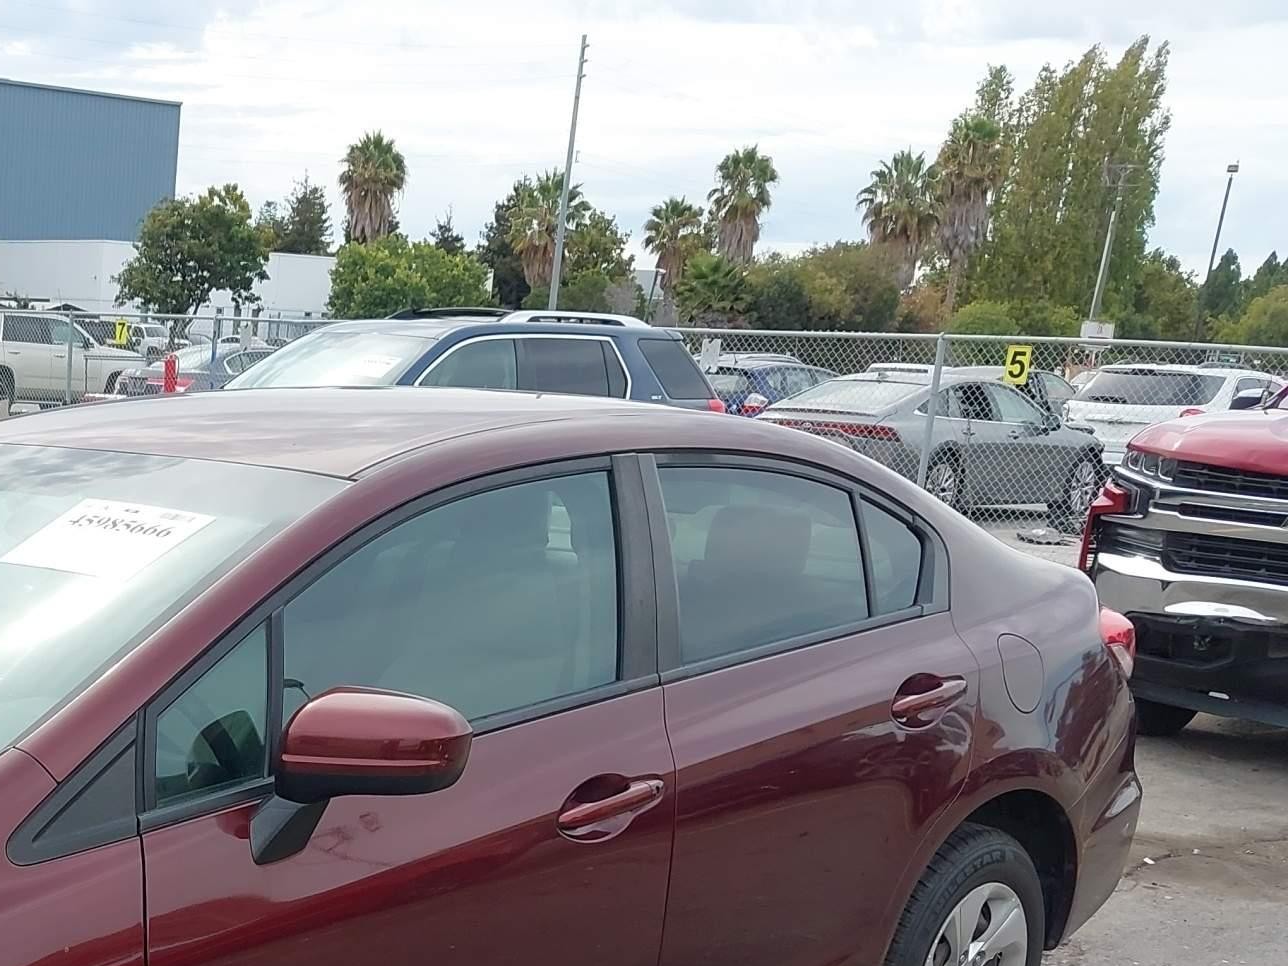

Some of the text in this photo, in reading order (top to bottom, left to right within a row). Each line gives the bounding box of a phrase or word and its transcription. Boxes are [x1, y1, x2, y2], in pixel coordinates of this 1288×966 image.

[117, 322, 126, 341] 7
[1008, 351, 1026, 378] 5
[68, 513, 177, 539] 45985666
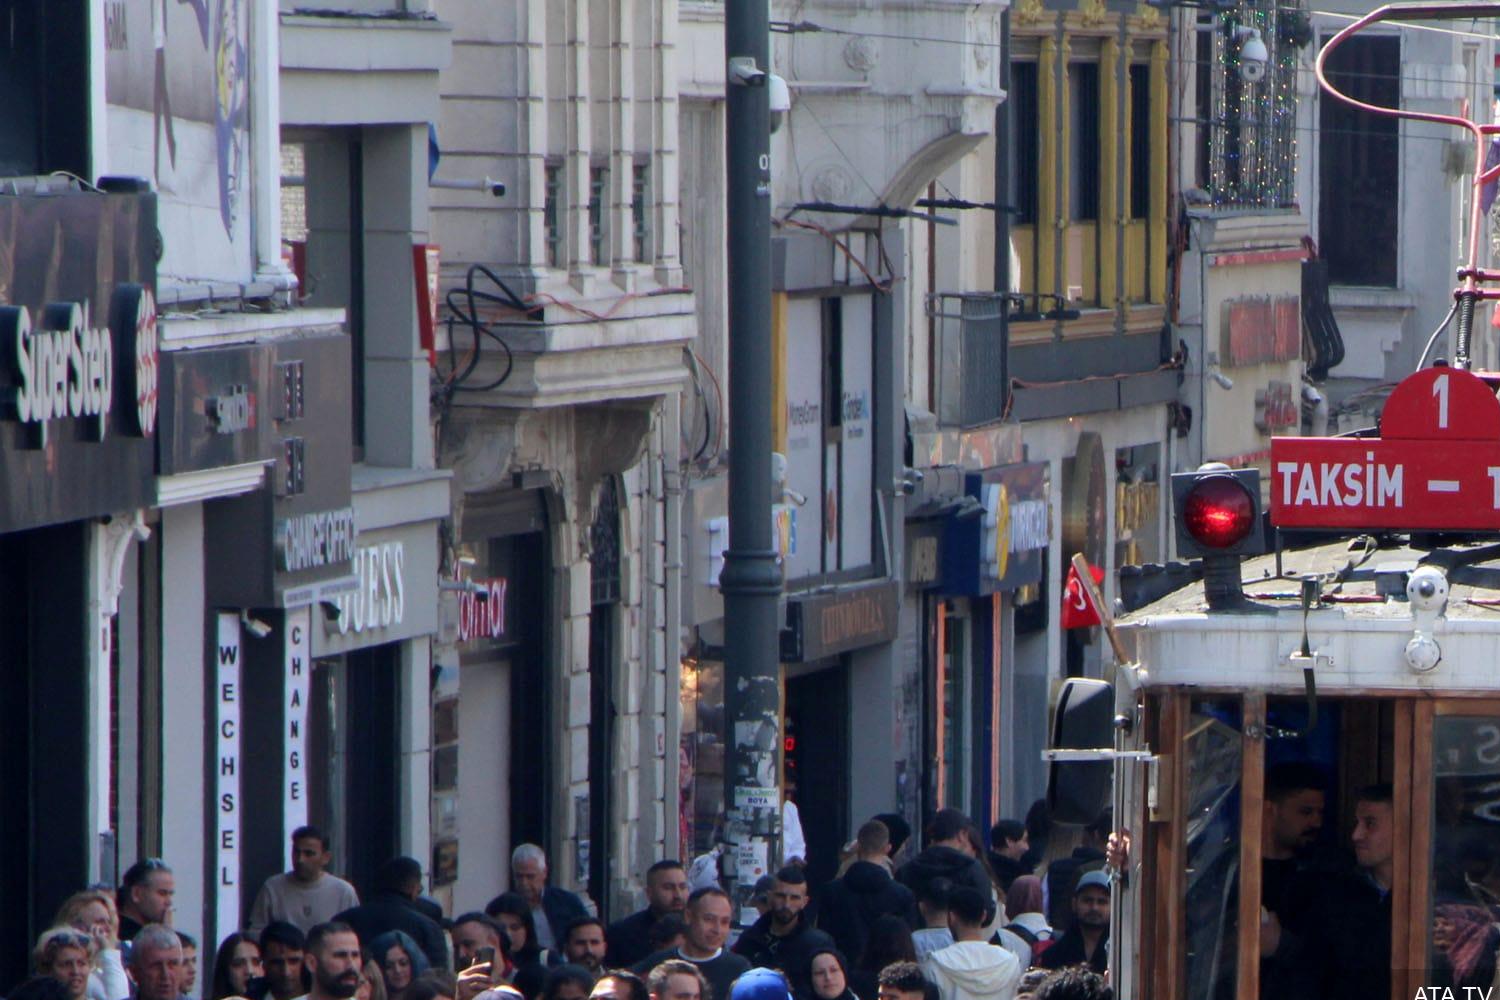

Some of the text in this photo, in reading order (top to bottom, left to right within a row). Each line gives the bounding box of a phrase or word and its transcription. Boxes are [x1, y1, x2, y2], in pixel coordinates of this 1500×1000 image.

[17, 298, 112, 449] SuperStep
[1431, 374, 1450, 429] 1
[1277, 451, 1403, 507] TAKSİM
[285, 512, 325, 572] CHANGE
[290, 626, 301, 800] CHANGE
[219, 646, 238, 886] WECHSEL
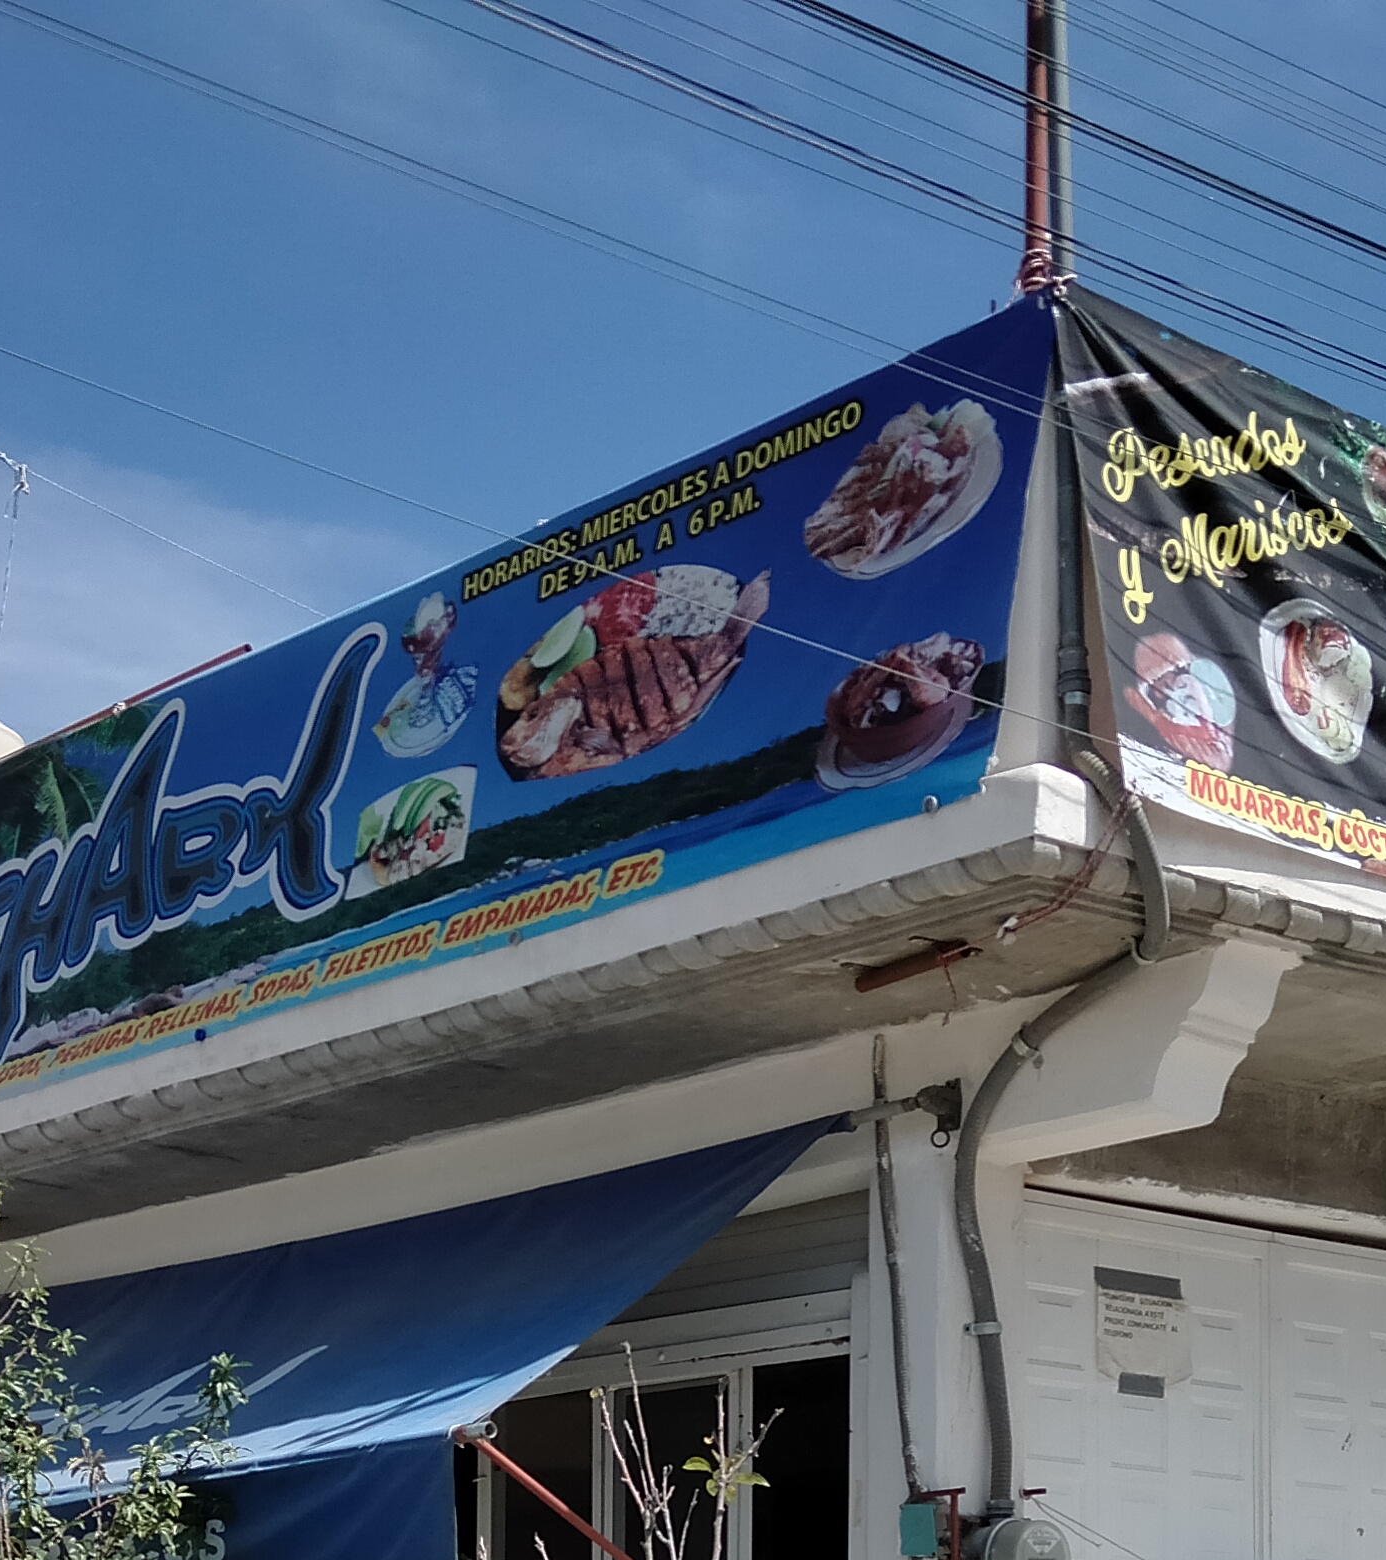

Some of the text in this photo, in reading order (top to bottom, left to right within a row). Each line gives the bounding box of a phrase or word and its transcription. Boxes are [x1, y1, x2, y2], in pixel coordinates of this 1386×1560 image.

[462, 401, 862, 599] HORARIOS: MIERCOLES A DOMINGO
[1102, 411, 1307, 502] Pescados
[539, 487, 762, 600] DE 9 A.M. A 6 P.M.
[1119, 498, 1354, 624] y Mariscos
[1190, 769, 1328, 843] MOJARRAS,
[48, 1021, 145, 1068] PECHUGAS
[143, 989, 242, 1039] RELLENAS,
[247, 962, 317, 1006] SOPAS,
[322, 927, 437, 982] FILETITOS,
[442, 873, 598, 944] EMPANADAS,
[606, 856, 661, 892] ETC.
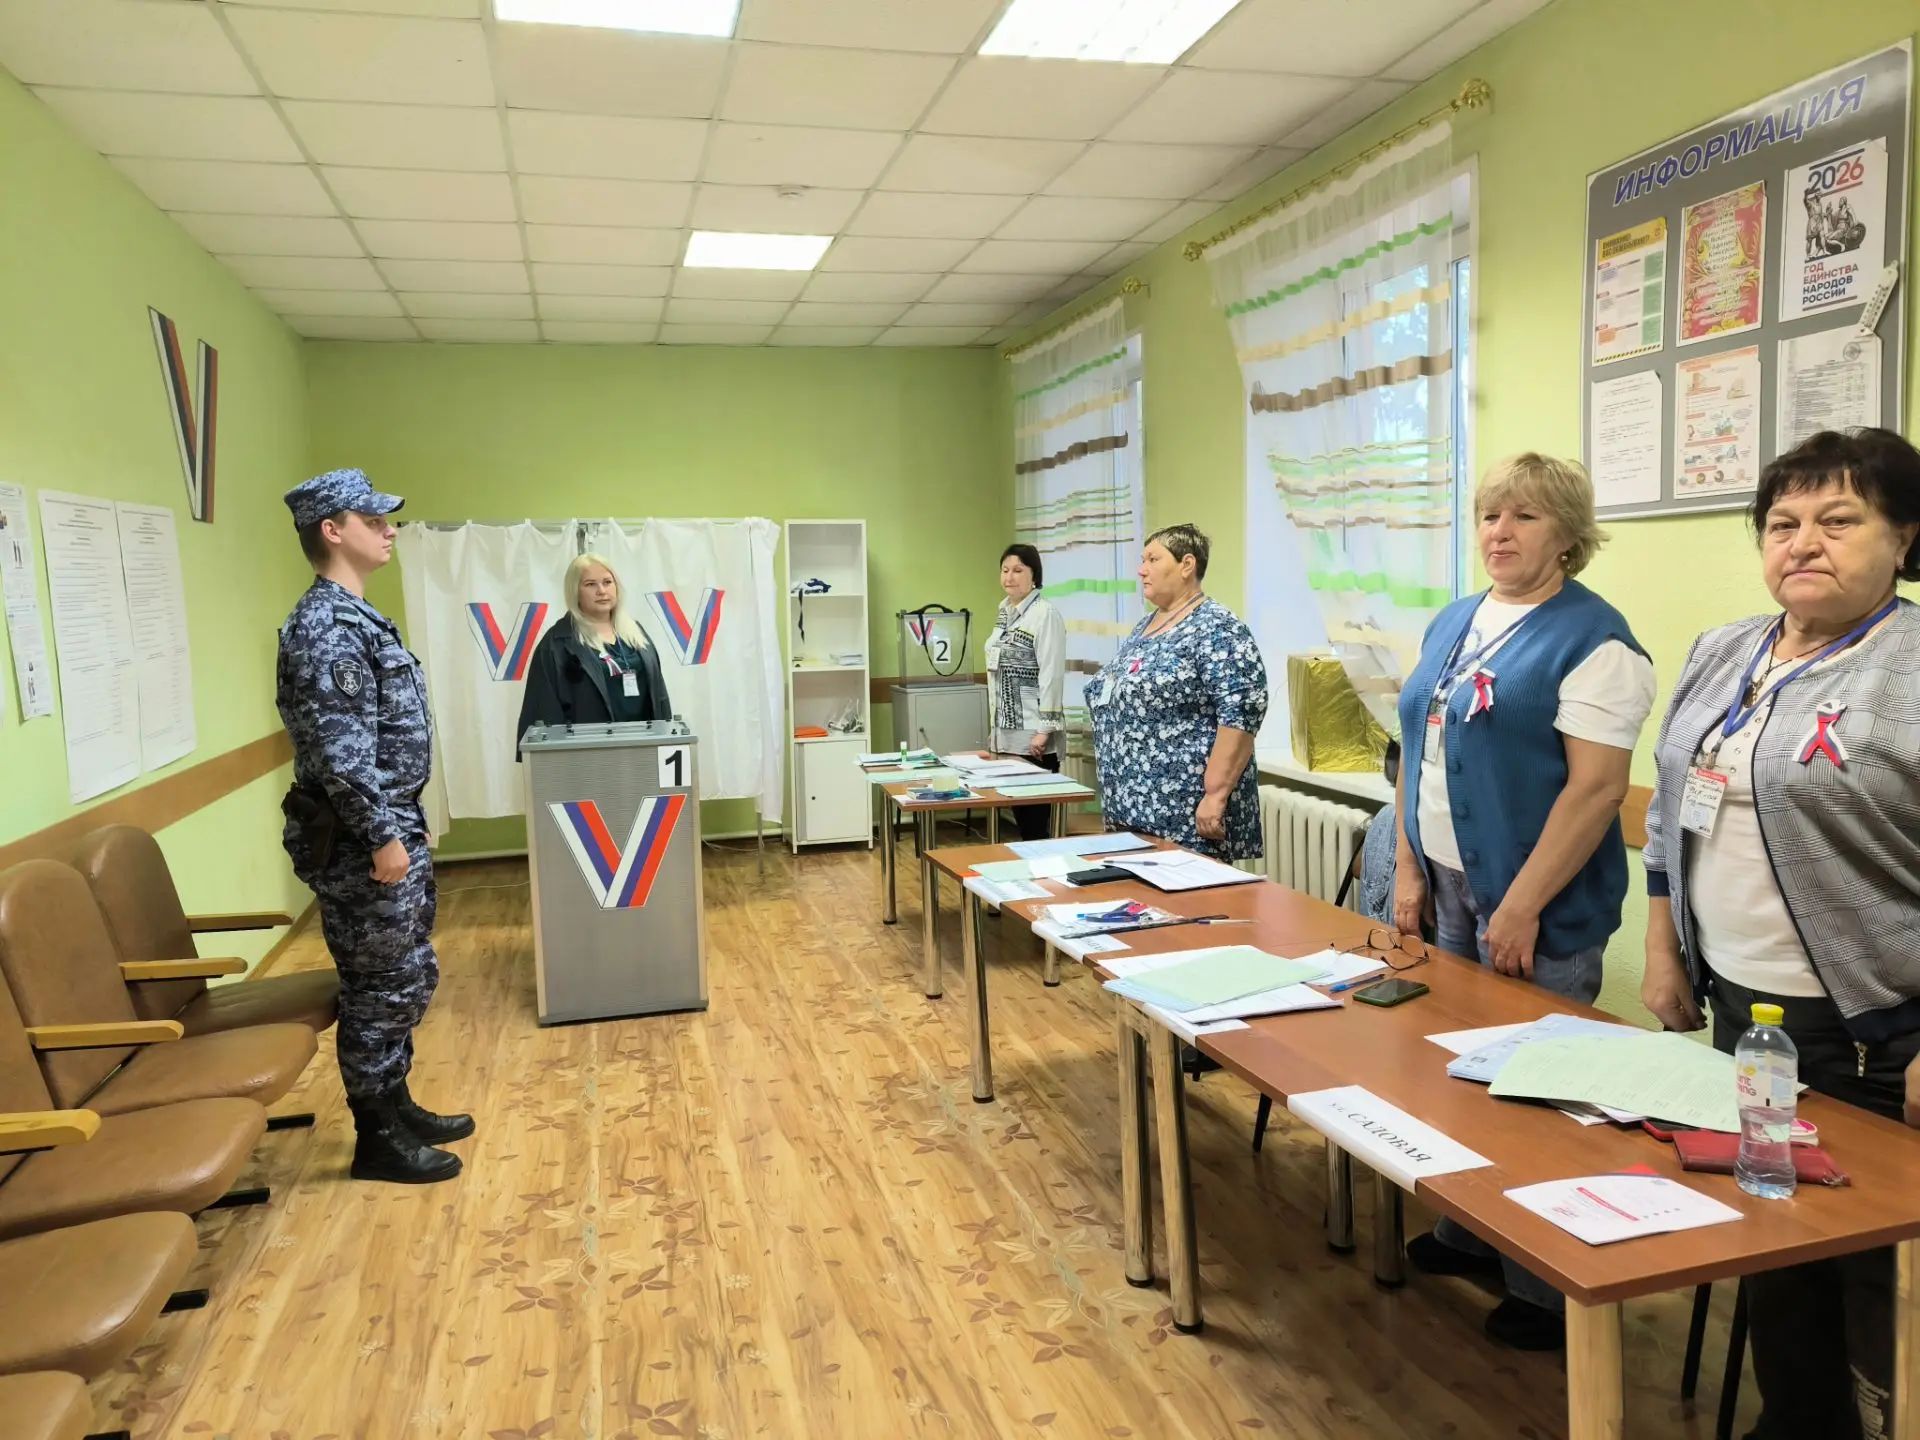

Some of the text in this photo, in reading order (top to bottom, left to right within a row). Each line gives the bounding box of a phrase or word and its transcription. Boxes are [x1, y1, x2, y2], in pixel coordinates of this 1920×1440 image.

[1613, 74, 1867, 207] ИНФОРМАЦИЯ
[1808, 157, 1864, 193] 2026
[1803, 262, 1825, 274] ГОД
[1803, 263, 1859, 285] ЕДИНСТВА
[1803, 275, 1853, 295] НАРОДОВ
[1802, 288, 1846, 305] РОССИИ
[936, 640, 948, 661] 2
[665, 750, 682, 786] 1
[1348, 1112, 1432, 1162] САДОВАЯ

.....

**TASK GOAL:** Could you print the whole listing again, exactly, leaving the pictures out?

**TASK RESULT:**
Some of the text in this photo, in reading order (top to bottom, left to right within a row). Each line gives the bounding box of a phrase or word and its transcription. Boxes are [x1, y1, x2, y2], in pixel coordinates of this 1288×966 image.

[117, 322, 126, 341] 7
[1008, 351, 1026, 378] 5
[68, 513, 177, 539] 45985666

Some of the text in this photo, in reading order (top to bottom, left to right within a row). Each line gives the bounding box of a phrase or word and its transcription. Boxes are [x1, y1, x2, y2], in pixel coordinates of this 1500×1000 image.

[17, 298, 112, 449] SuperStep
[1431, 374, 1450, 429] 1
[1277, 451, 1403, 507] TAKSİM
[285, 512, 325, 572] CHANGE
[290, 626, 301, 800] CHANGE
[219, 646, 238, 886] WECHSEL

Some of the text in this photo, in reading order (top to bottom, left to right within a row). Each line gives the bounding box of a phrase or word and its transcription. Boxes are [x1, y1, x2, y2], in pixel coordinates of this 1386×1560 image.

[462, 401, 862, 599] HORARIOS: MIERCOLES A DOMINGO
[1102, 411, 1307, 502] Pescados
[539, 487, 762, 600] DE 9 A.M. A 6 P.M.
[1119, 498, 1354, 624] y Mariscos
[1190, 769, 1328, 843] MOJARRAS,
[48, 1021, 145, 1068] PECHUGAS
[143, 989, 242, 1039] RELLENAS,
[247, 962, 317, 1006] SOPAS,
[322, 927, 437, 982] FILETITOS,
[442, 873, 598, 944] EMPANADAS,
[606, 856, 661, 892] ETC.

Some of the text in this photo, in reading order (top to bottom, left to right within a row). Each line gives the bounding box of a phrase or word and its transcription. Boxes are [x1, y1, x2, y2], in pixel coordinates of this 1920×1440 image.

[1613, 74, 1867, 207] ИНФОРМАЦИЯ
[1808, 157, 1864, 193] 2026
[1803, 262, 1825, 274] ГОД
[1803, 263, 1859, 285] ЕДИНСТВА
[1803, 275, 1853, 295] НАРОДОВ
[1802, 288, 1846, 305] РОССИИ
[936, 640, 948, 661] 2
[665, 750, 682, 786] 1
[1348, 1112, 1432, 1162] САДОВАЯ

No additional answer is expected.